If, as seems increasingly likely, Congress fails to pass effective neutrality legislation - which would bar ISPs from charging to carry unaffiliated content or to guarantee service quality - Google would go after the providers itself in the law courts.

Such action would land all players in a murky legal quagmire, but there is one market where this is not an option, and Google is having to fight its corner purely on commercial grounds. This is the cellular world, where mobile operators remain in full control of their networks and what is accessible from them.

For sure, they are being forced by user pressure to open up their walled gardens and allow customers unfettered access to the web, but they are not classed as ISPs and so can take a very different approach - for now at least - even as their networks become increasingly used for internet access.

In this situation, there is actually gain for Google. A cellco has huge power to promote a certain application by including it as standard on a handset, and Google stands to gain a strong headstart in mobile search through such partnerships.

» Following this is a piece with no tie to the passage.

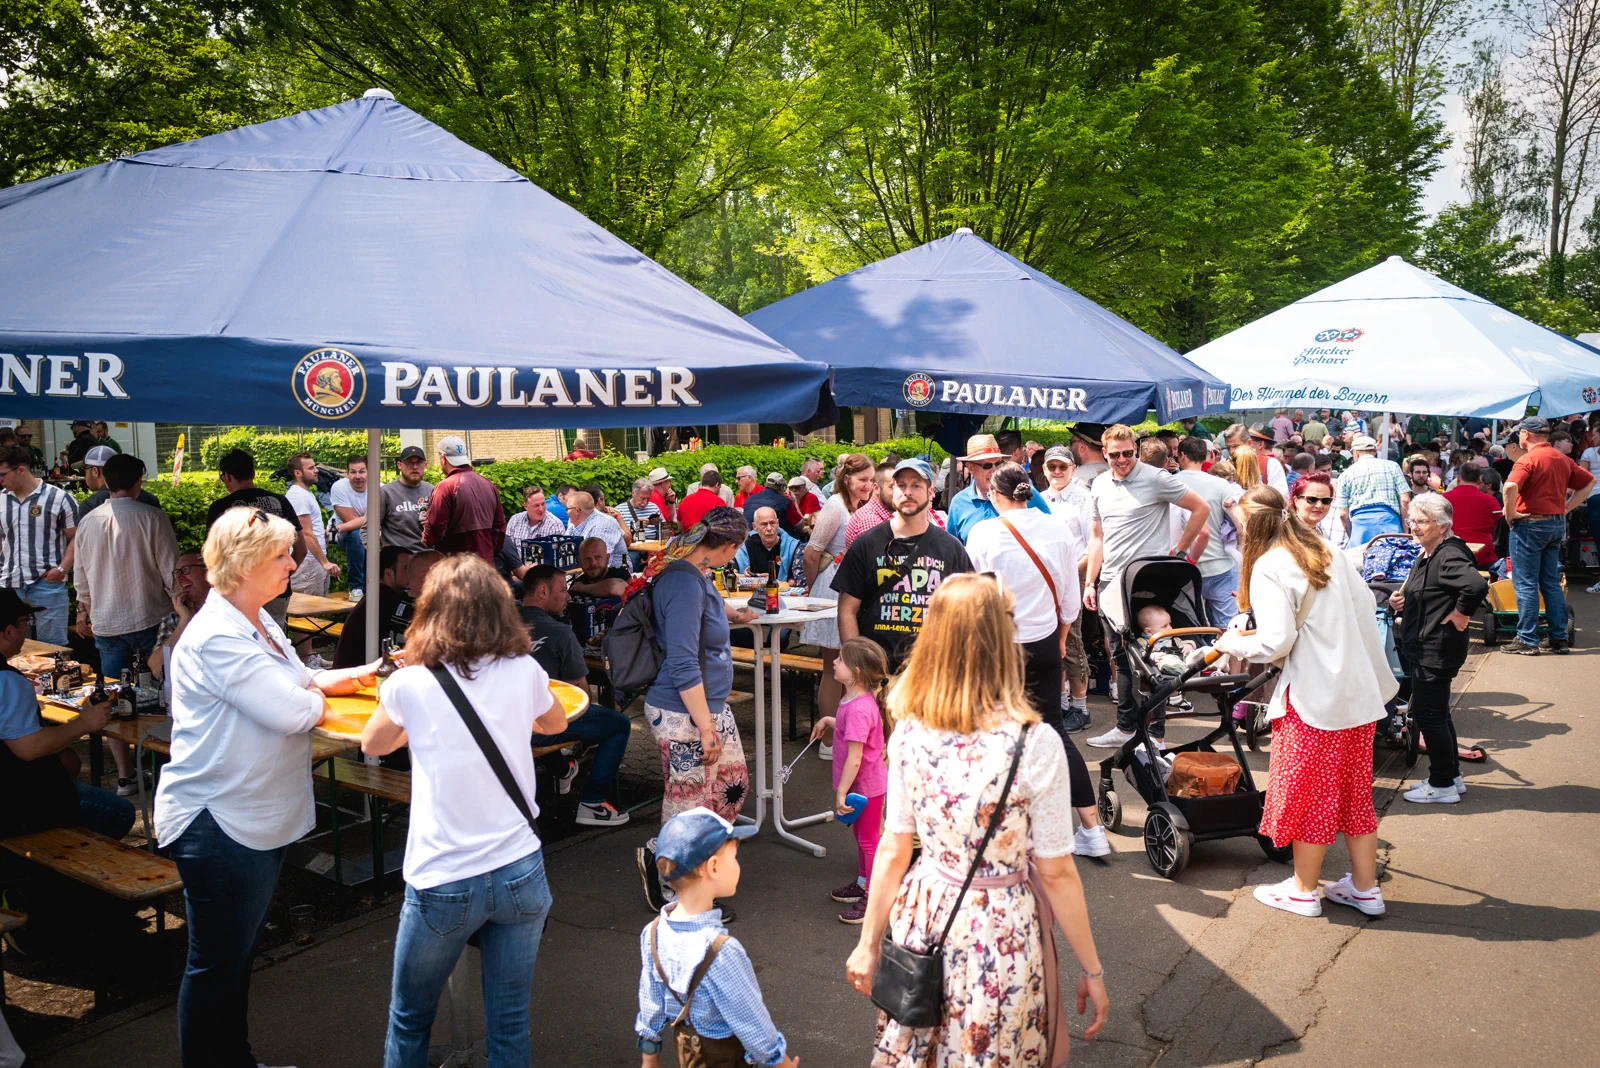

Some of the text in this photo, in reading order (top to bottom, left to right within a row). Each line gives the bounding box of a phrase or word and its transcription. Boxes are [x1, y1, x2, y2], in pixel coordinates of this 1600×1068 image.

However, despite its own market weight, it faces challenges. Some mobile operators are suspicious of the search giant's moves to support alternative wireless models such as metrozones, and are wary of giving one software house too much power. Others point to the poor quality of the search experience on mobile phones and are taking interest in new mobile-specific developments, such as the open source Apple/Nokia browser, which will incorporate search facilities in future.

Google's competitors are fighting hard for their own place among the large cellcos, with Yahoo! making particularly strong progress. It recently announced a strategic alliance with 3 Group to bring Yahoo!'s range of internet services - including Yahoo! Search, Mobile Web, Messenger, Mail and Go for Mobile - to 3 customers around the world and to co-develop new ones. The first services launch in the UK this summer, followed by European and Asia-Pacific deployments.

Mobile operators know they need to act swiftly on search as users become more interested in using their handsets for open internet access - a trend that could be intensified by the launch of the dotMobi top level domain, which will point to sites that are particularly usable on mobiles.

In the wake of the Yahoo! agreement, Google needs to make additional partnerships of its own, though the nature of its deal with T-Mobile could deter other operators from embracing it, as could fears of their own brand being subsumed by Google's.

Copyright © 2006, Wireless Watch

Wireless Watch is published by Rethink Research, a London-based IT publishing and consulting firm. This weekly newsletter delivers in-depth analysis and market research of mobile and wireless for business. Subscription details are here.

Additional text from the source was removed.